Sie ist außerdem Koordinierende für NRW bei den Wohnungslosentreffen. "Vor 16 Jahren war ich wohnungslos, weil ich Stress mit dem Vermieter hatte und die Miete nicht mehr zahlen konnte", erzählt Ilse Kramer. Sie kam bei verschiedenen Bekannten unter, bis sie schließlich eine eigene, 14-Quadratmeter-kleine Wohnung fand. "Die Mieten sind so stark gestiegen, dass man heute sehr schnell wohnungslos werden kann", meint sie. "Indem ich von meinen Erfahrungen erzähle, kann ich anderen Mut machen, dass auch sie es schaffen und eine Wohnung finden können."
Die Freie Wohlfahrtspflege NRW initiierte 2018 das erste Treffen von Menschen mit Armutserfahrung im Land, mittlerweile finden die Treffen jährlich statt. Auch Ilse Kramer kommt zum Austausch: "Die Partizipation ist wichtig", betont sie. "Wenn ich mich engagiere, kann ich nicht nur meine Situation ändern, sondern auch etwas an unserem Land und an der politischen Einstellung der Menschen!"

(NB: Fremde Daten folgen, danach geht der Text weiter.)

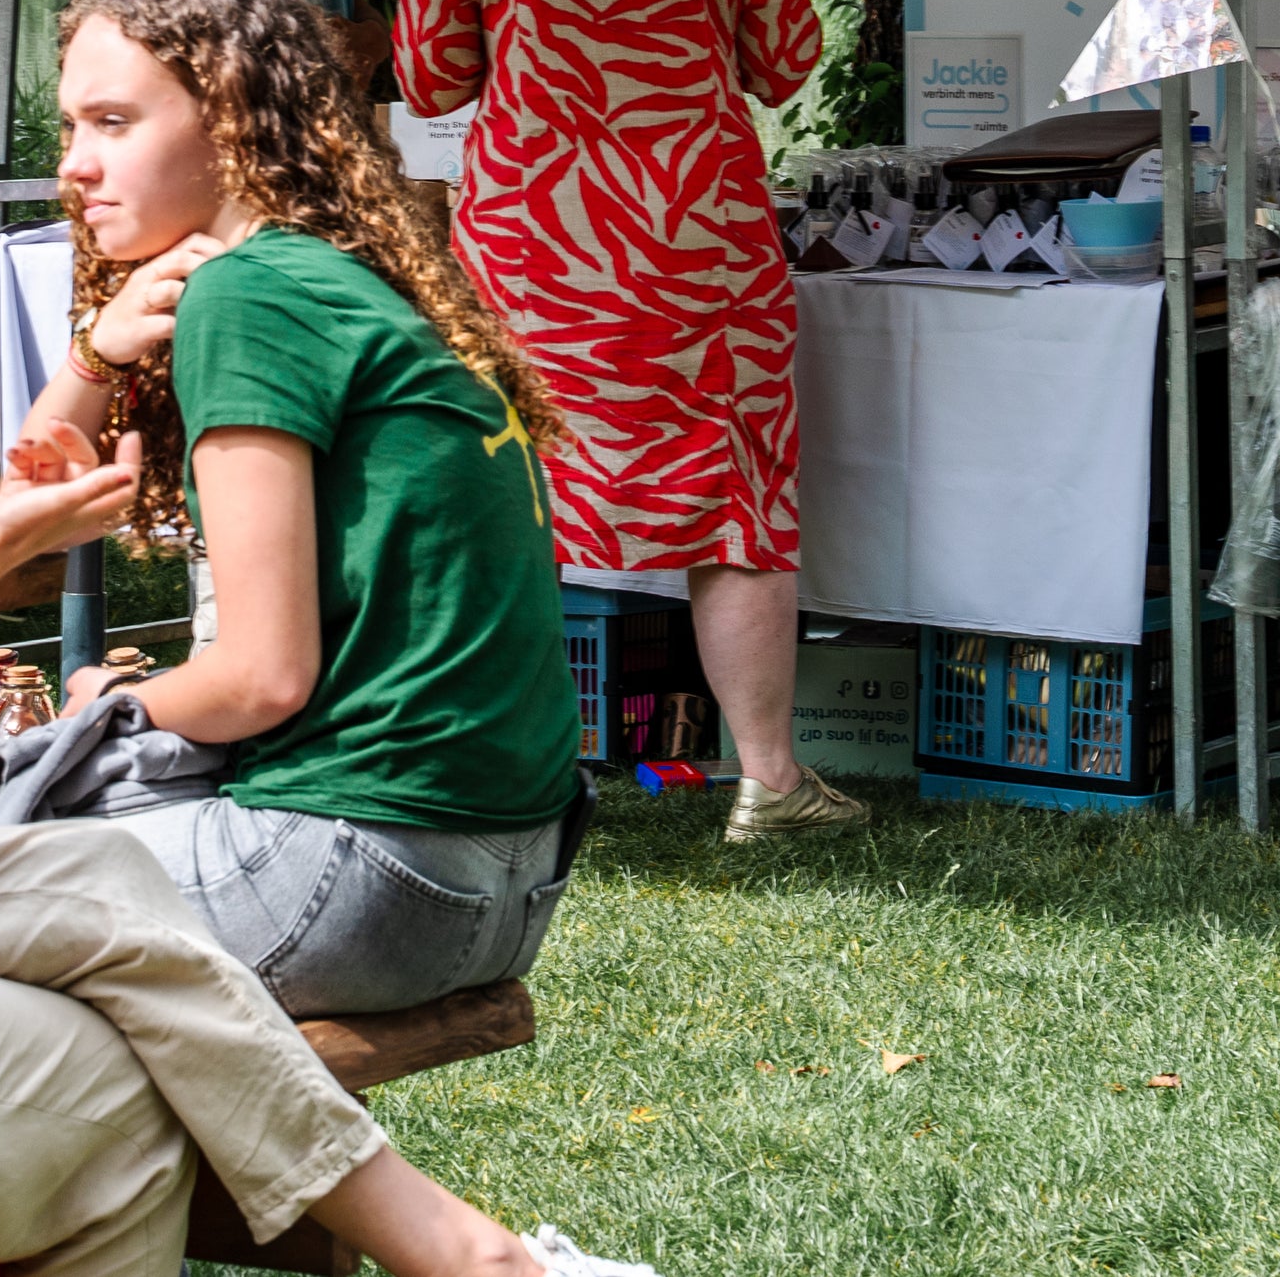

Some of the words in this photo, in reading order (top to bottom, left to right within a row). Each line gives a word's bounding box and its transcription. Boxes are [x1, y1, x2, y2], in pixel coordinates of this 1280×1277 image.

[923, 58, 1008, 85] Jackie
[922, 89, 966, 99] verbindt
[968, 91, 995, 100] mens
[427, 121, 449, 130] Feng
[974, 122, 1008, 132] ruimte
[792, 707, 909, 724] @safecourtkitc
[799, 729, 822, 746] al?
[826, 729, 855, 741] ons
[858, 728, 872, 745] jij
[876, 729, 910, 746] volg

Diakonie RWL-Armutsexpertin Heike Moerland schätzt den Austausch mit Menschen mit Armutserfahrung als Expert*innen in eigener Sache sehr.

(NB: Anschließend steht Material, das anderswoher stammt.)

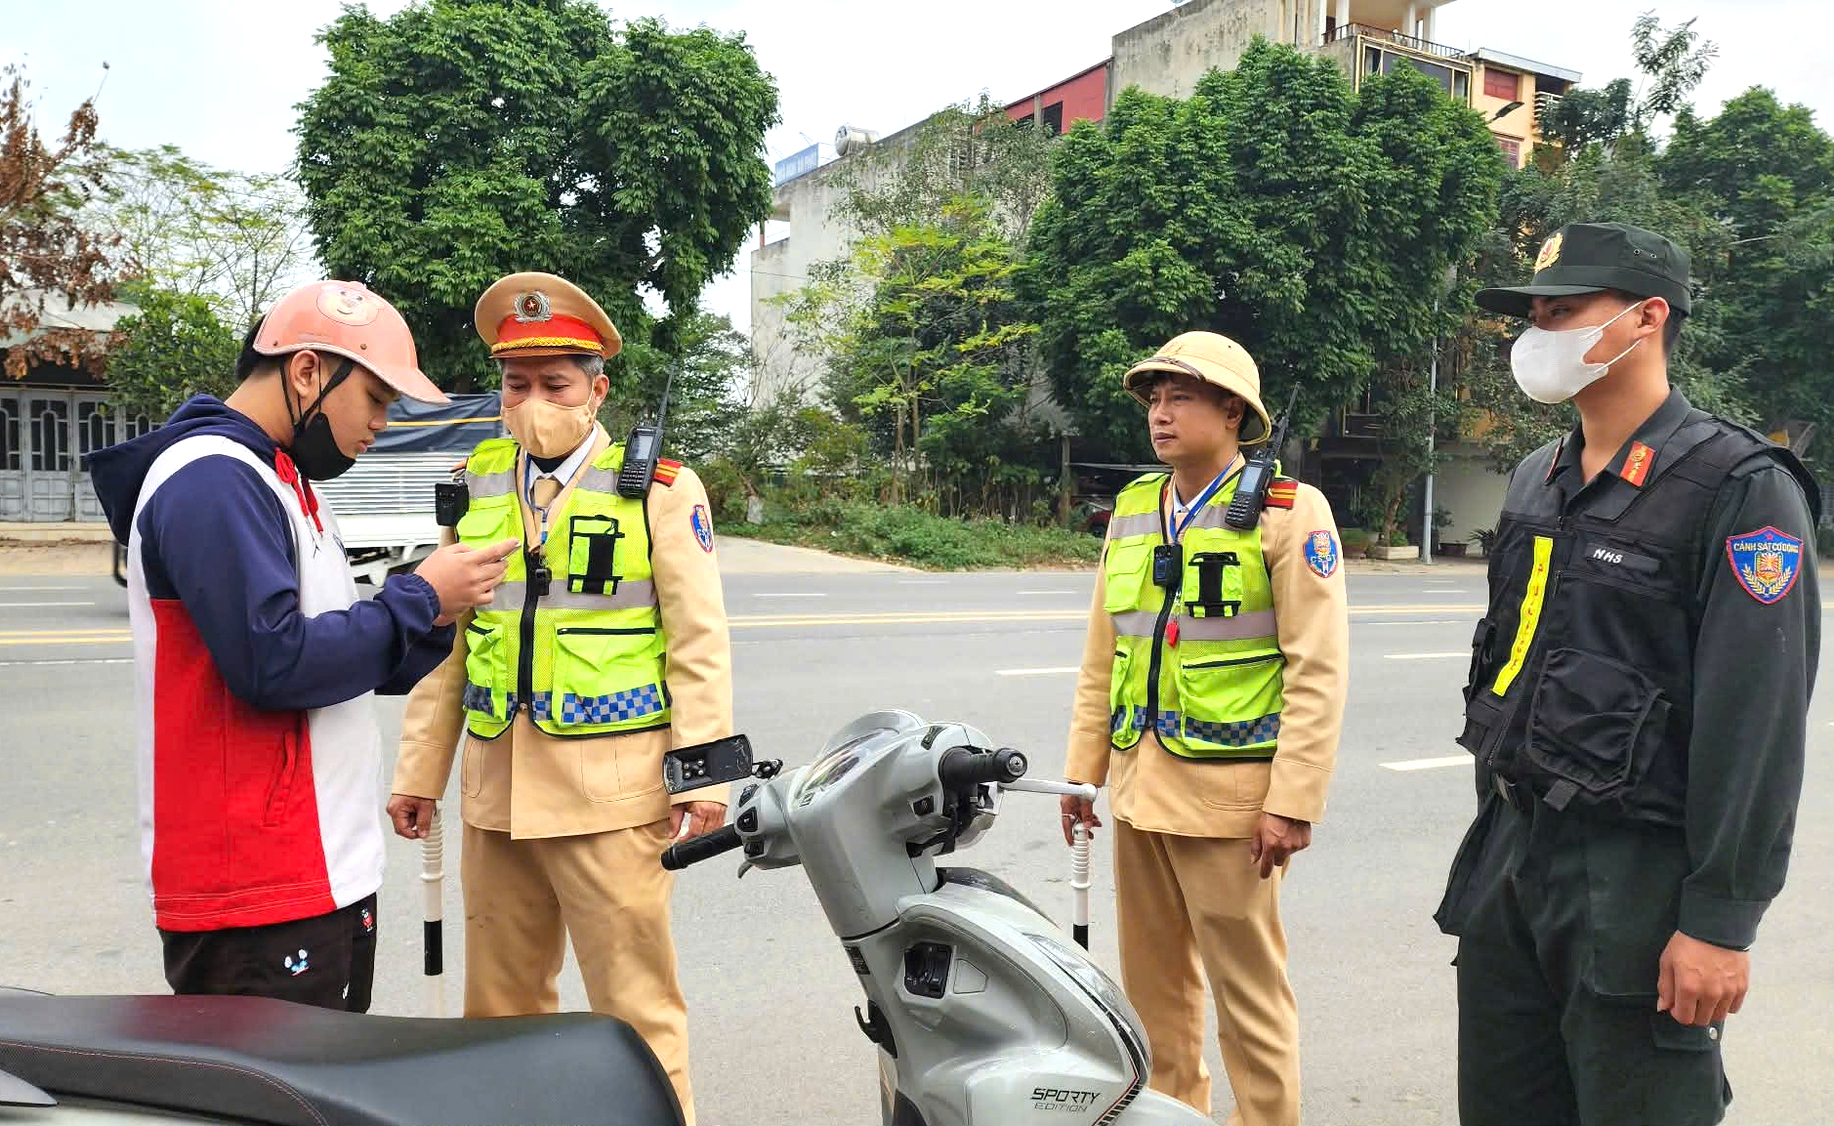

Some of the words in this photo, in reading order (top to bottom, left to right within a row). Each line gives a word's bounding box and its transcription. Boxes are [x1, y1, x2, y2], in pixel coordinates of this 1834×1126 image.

"Gute und kreative Lösungen"
Das betont auch Diakonie RWL-Armutsexpertin Heike Moerland. "Ich erlebe die Menschen mit Armutserfahrung bei unseren gemeinsamen Gesprächen und Aktionen als sehr engagiert", so die Geschäftsfeldleitung für Berufliche und soziale Integration. Heike Moerland begleitet für die Diakonie die Treffen. "Sie haben ein gutes Gefühl für ihre Probleme und gute Lösungsvorschläge, die sie inzwischen auch in Gesprächen mit Politiker*innen einbringen konnten."
Bei einem Fachtag will die Diakonie RWL gemeinsam mit der Diakonie Deutschland und dem Evangelischen Fachverband für Arbeit und soziale Integration mit Betroffenen, Expert*innen und Fachkräften aus der sozialen Arbeit diskutieren, wie die Beteiligung von Menschen mit Armutserfahrung gelingen kann und welche Chancen sie bietet. "Der gemeinsame Austausch auf Augenhöhe ist wichtig", sagt Heike Moerland. "Wir müssen mit Menschen mit Armutserfahrung sprechen, nicht über sie."
Als Expert*innen in eigener Sache diskutieren die Menschen mit Armutserfahrung bei ihren Treffen aktuelle Änderungen wie das Bürgergeld und Lösungen für Probleme, die sie tagtäglich erfahren.
Forderungen an Politik und Gesellschaft
Beim Treffen der Menschen mit Armutserfahrungen im vergangenen Jahr formulierte die Gruppe Thesen und Forderungen an die Landesregierung – von Energiekosten über Zugänge zu Ämtern bis hin zu Mobilität und Maßnahmen gegen Armutsbekämpfung. "Ich finde alle Thesen wichtig", betont Ilse Kramer, die daran mitgewirkt hat. "Besonders am Herzen liegt mir, dass niemand ausgegrenzt wird. Menschen mit Armutserfahrung müssen auch am gesellschaftlichen Leben teilhaben können."
Die Forderungen erreichten auch die Landespolitik: Die Freie Wohlfahrtspflege NRW koordinierte Treffen mit den demokratischen Landtagsfraktionen. Ilse Kramer konnte zwar nicht zu den Terminen in den Landtag kommen, ist aber stolz, dass die Gruppe nun direkt mit Politiker*innen im Gespräch ist. "Die Politik sollte sich daran gewöhnen, dass wir uns äußern. Wir machen keine Eintagssachen – das ist morgen nicht vorbei", so die 66-Jährige. "Die Politik sollte uns endlich zuhören!"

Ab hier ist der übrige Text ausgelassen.